You have already noticed that, if you play bass guitar, all of a sudden all the ads you see on the Facebook page or Google talk about bass guitars. Or if you Googled “reduce headache”, you get the ad for Aspirin or so. That was pretty much it. And then, after Brexit and Trump’s victory, it became clear that much more is quite possible. And certain. Since there’s a small, tiny coincidence. The same company which had worked for Brexit Leave Team for the web advertising and online campaign, was exactly the same company which worked the web advertising and online campaign for the current American president. It was British Cambridge Analytica.

Kosinski used psychometrics, which measures psychological characteristics of the personality, and as it turned out, the psychologists have identified five crucial traits, called the Big Five. OK, but it was a static science until the Internet, and Facebook and of course, until brilliant Kosinski. His results have shown, for instance that “Followers of Lady Gaga were most probably extroverts, while those who “liked” philosophy tended to be introverts.” It was just a step from using it during referenda or elections.
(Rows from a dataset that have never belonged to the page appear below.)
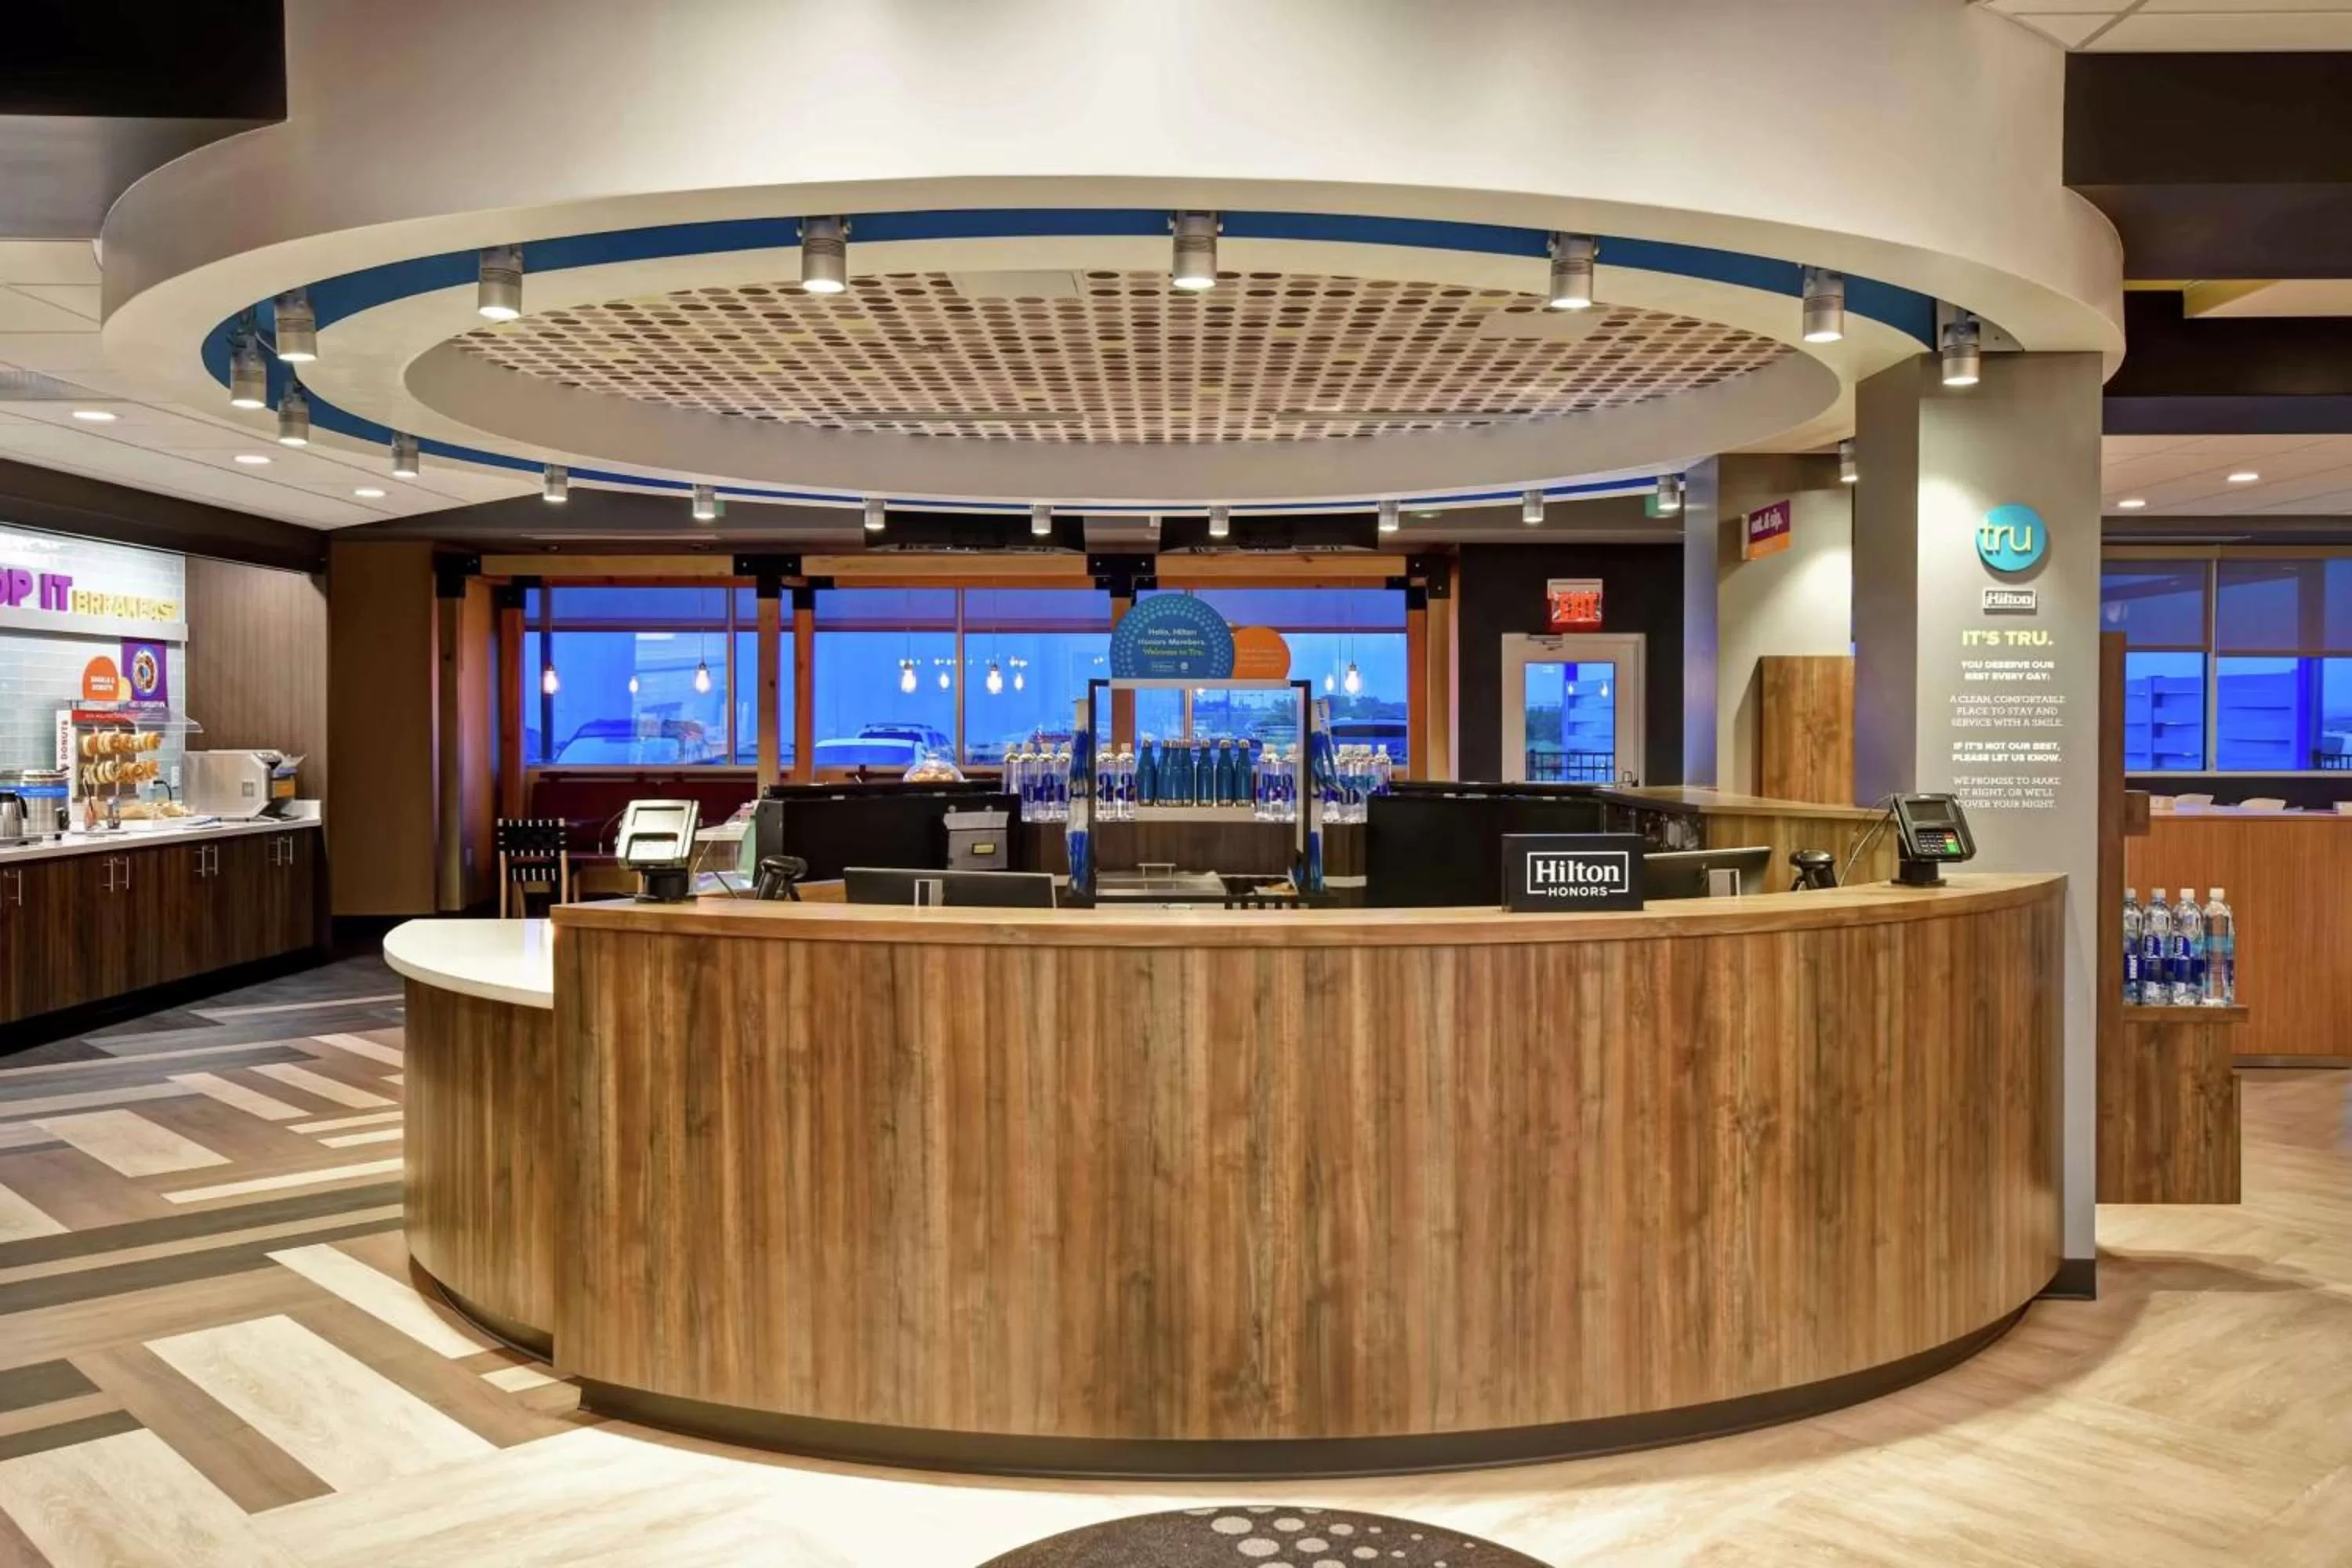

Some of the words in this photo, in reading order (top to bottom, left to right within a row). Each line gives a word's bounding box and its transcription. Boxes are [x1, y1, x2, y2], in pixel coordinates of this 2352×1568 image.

[1980, 521, 2032, 551] tru
[40, 573, 73, 611] IT
[1987, 592, 2031, 604] Hilton
[1962, 630, 2000, 646] IT'S
[2004, 630, 2054, 646] TRU.
[1962, 660, 1983, 669] YOU
[1984, 660, 2030, 669] DESERVE
[2032, 660, 2054, 669] OUR
[1965, 672, 1990, 681] BEST
[1991, 672, 2025, 681] EVERY
[1950, 695, 1957, 704] A
[1956, 706, 1988, 716] PLACE
[1991, 706, 2005, 716] TO
[2006, 706, 2034, 716] STAY
[2035, 706, 2058, 716] AND
[1951, 717, 1992, 727] SERVICE
[1994, 717, 2020, 727] WITH
[2023, 717, 2030, 727] A
[1953, 742, 1963, 750] IF
[1984, 742, 2006, 750] NOT
[2008, 742, 2031, 750] OUR
[1959, 788, 1969, 797] IT
[2008, 788, 2022, 797] OR
[1992, 799, 2020, 808] YOUR
[1535, 860, 1621, 883] Hilton
[1548, 887, 1608, 897] HONORS
And Kosinski soon developed simple but brilliant analysis. I. e. he concentrated on “likes”: “he was able to evaluate a person better than the average work colleague, merely on the basis of ten Facebook “likes.” Seventy “likes” were enough to outdo what a person’s friends knew, 150 what their parents knew, and 300 “likes” what their partner knew. More “likes” could even surpass what a person thought they knew about themselves.” – says Vice. Scary? Not yet. Not completely. It is not only that the data from your internet and mobile phones could be used to determine your personality, but the results could be used to trace you. In other words, if I know who is clicking “likes” on something, I can reach out for you and know if you’re gay or straight, black or white, underground or common, radical rebel or a conformist. Etc. Then “Leave.EU,” supported by Nigel Farage, used Cambridge Analytica for a specifica campaign called microtargetting, which is in essence measuring people’s personalities by their digital traces.  All based upon Big Five model. And then everything that Leave team did as a message was data-driven. They know what you like and how you’ll react. The same happened in America.
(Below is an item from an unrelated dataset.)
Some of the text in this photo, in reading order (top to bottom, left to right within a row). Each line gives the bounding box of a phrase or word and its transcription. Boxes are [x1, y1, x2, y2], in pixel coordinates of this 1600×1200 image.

The idea was that it is ridiculous that all the Afro-Americans can get the same message, or all Latinos or all women. Just because they have the same race, language or gender. And that is what Hillary did. It was called “blanket marketing” and it means, well, everyone is under the same blanket. On the contrary, Trump used personalised messages. Cambridge Analytica’s boss, Alexander Nix says proudly: “We have profiled the personality of every adult in the United States of America—220 million people”. And they targeted them. For instance, in Miami in Little Haiti neighbourhood, Trump recognized Haitians online and served them with the message of the failure of Clinton Foundation during the Haiti earthquake. It repelled Haitian Americans from voting for her. And it happened over and over again. The potential Clinton voters were targeted with messages: if you are a leftist, then you got one type of message, like, she betrayed Sanders. If you are gay, you get the video where Hillary opposes same-sex marriages a decade ago. So everyone got the desired message. Or the one that “suited them well”. So they behaved accordingly. Voted as they did.

And listen now. Maybe we are the last generation of people that read the same BBC page. Maybe in 5 years each one of us will have a different start page, according to our previous clicks and likes. Maybe we will be served tailor-made messages. Brexit and Trump campaigns are only the beginnings. Does that scare you?